To do — The pictures are to be dropped, and the records below are to be restated word for word.

___ The data ___

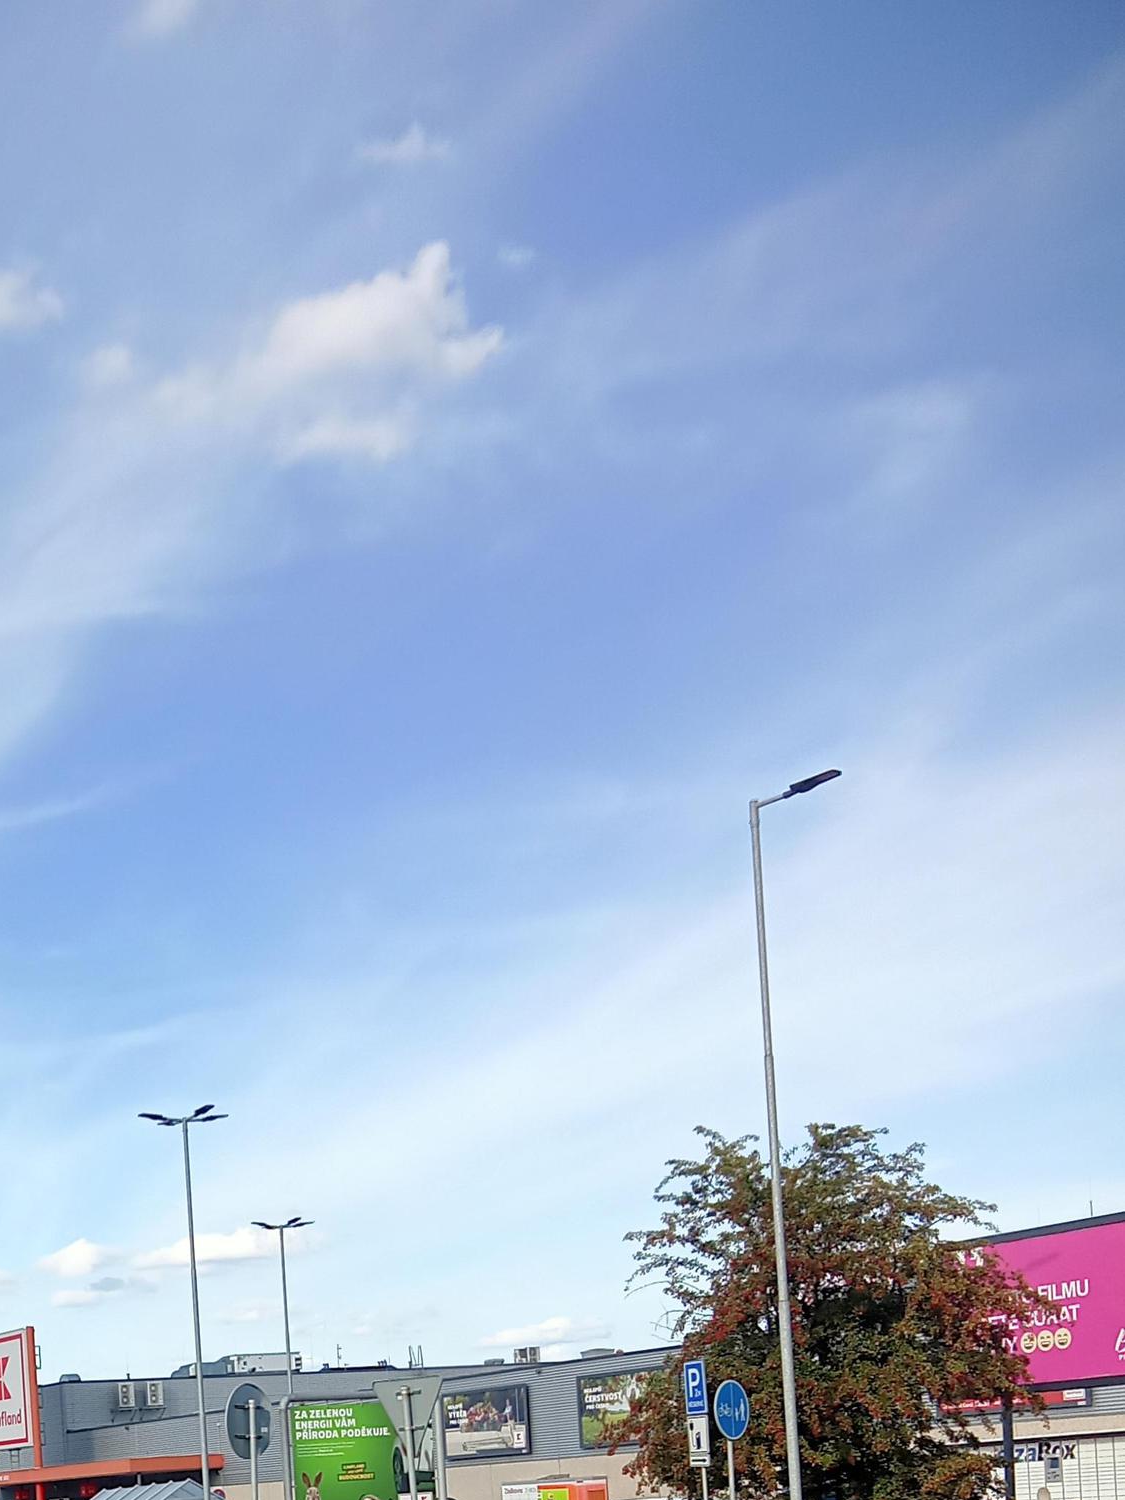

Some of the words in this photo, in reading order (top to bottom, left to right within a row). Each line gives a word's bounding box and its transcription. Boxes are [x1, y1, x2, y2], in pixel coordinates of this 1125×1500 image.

[688, 1368, 700, 1398] P
[294, 1410, 307, 1419] ZA
[309, 1408, 353, 1418] ZELENOU
[295, 1420, 333, 1430] ENERGII
[296, 1428, 339, 1440] PŘÍRODA
[341, 1426, 390, 1438] PODĚKUJE.
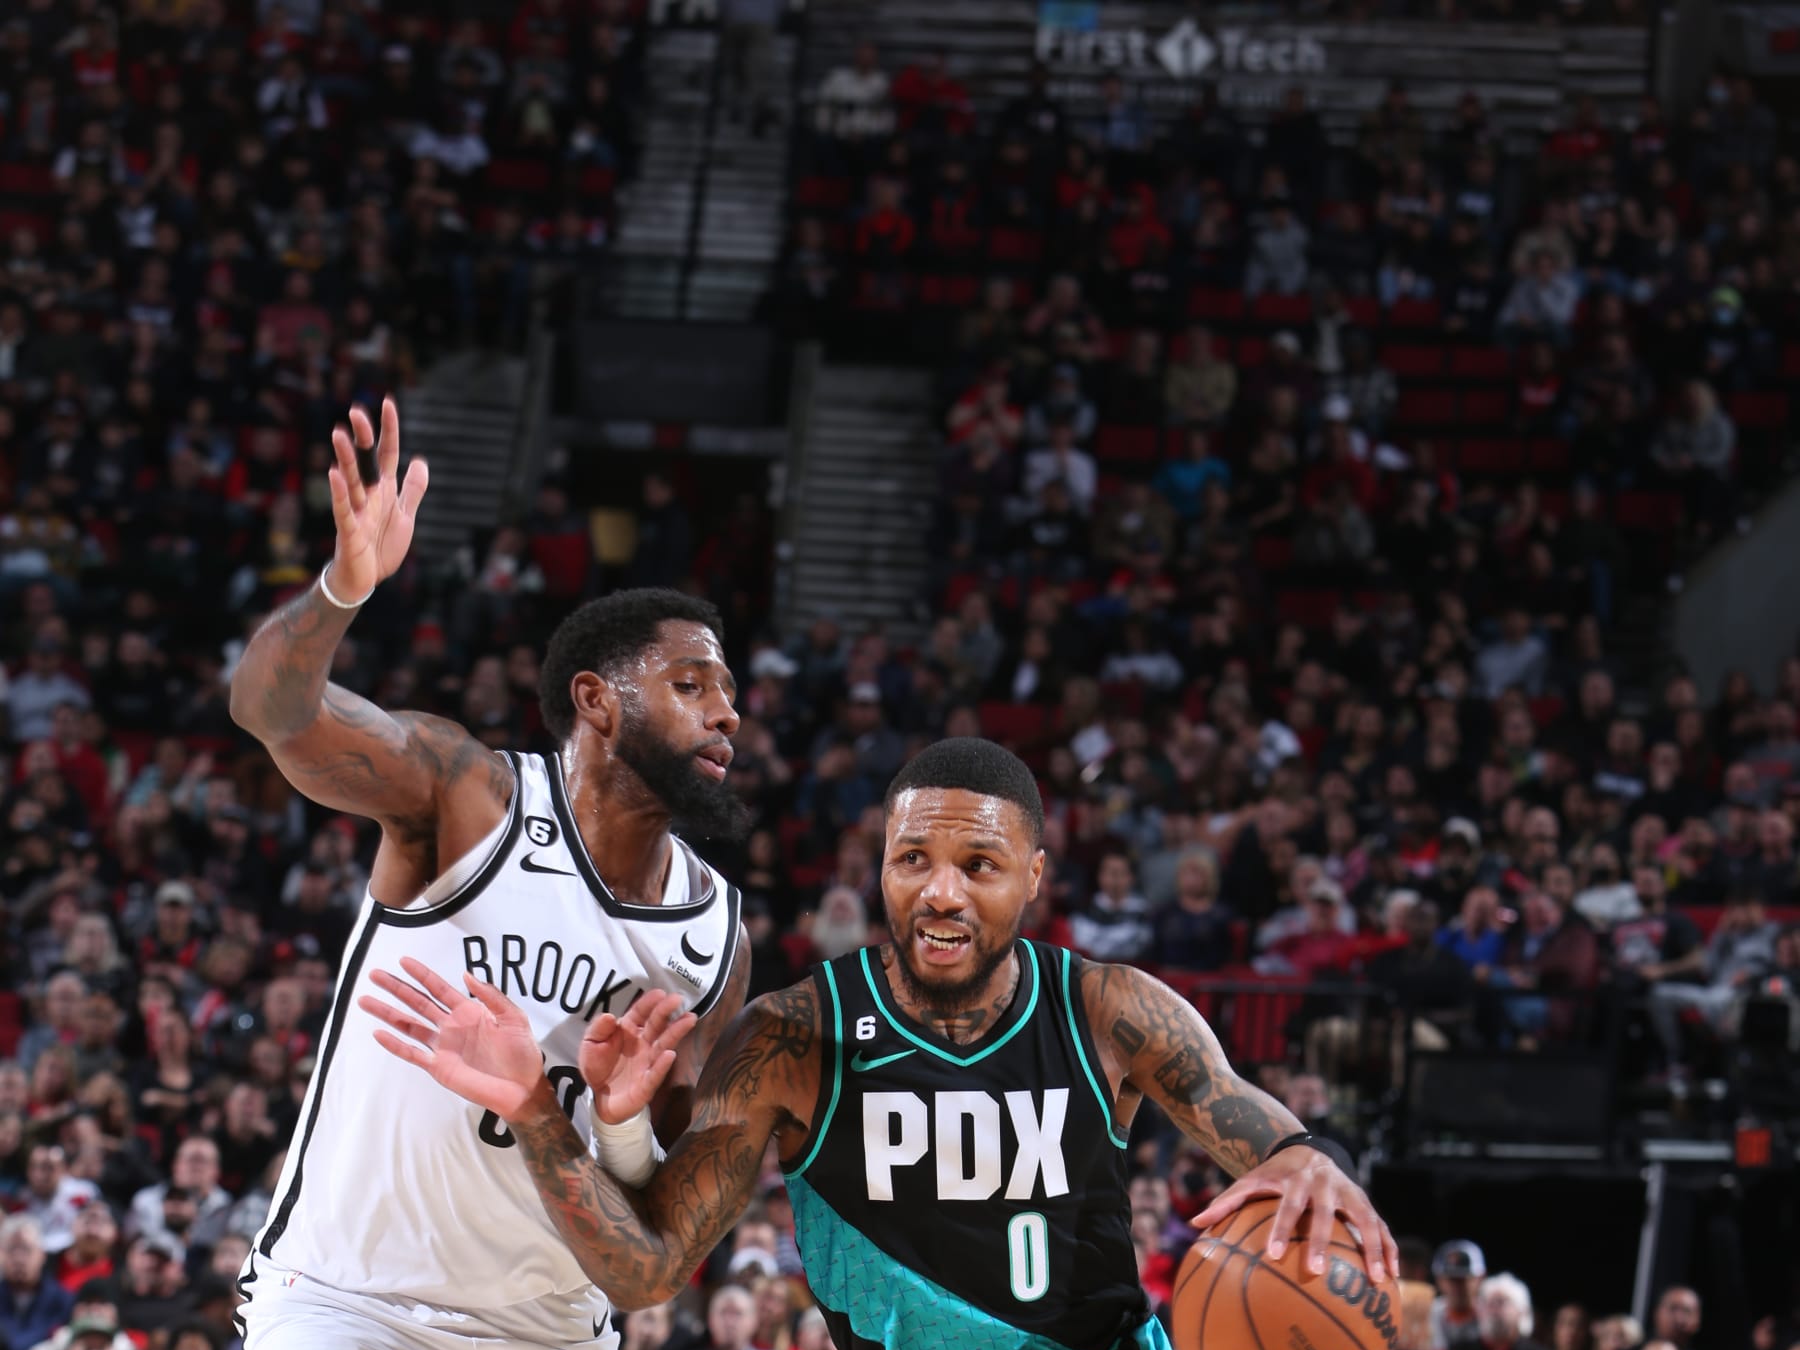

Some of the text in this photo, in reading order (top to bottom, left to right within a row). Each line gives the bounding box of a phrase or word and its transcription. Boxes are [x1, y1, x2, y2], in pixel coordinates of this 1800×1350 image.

[1217, 28, 1327, 72] Tech
[529, 820, 551, 846] 6
[463, 934, 644, 1023] BROOK
[667, 955, 703, 989] Webull
[855, 1015, 876, 1040] 6
[862, 1087, 1070, 1201] PDX
[1007, 1211, 1050, 1302] 0

___

Task response —
Some of the words in this photo, in reading order (top to bottom, left to right within a row). Each line gives a word's bounding box and its transcription. Boxes are [x1, y1, x2, y2], in pixel coordinates of this 1125×1500 image.

[688, 1368, 700, 1398] P
[294, 1410, 307, 1419] ZA
[309, 1408, 353, 1418] ZELENOU
[295, 1420, 333, 1430] ENERGII
[296, 1428, 339, 1440] PŘÍRODA
[341, 1426, 390, 1438] PODĚKUJE.

Some of the text in this photo, in reading order (top to bottom, left to right within a row). Each line gives the bounding box of a phrase or word and its transcription. Boxes are [x1, y1, x2, y2], in pixel coordinates of this 1800×1350 image.

[1217, 28, 1327, 72] Tech
[529, 820, 551, 846] 6
[463, 934, 644, 1023] BROOK
[667, 955, 703, 989] Webull
[855, 1015, 876, 1040] 6
[862, 1087, 1070, 1201] PDX
[1007, 1211, 1050, 1302] 0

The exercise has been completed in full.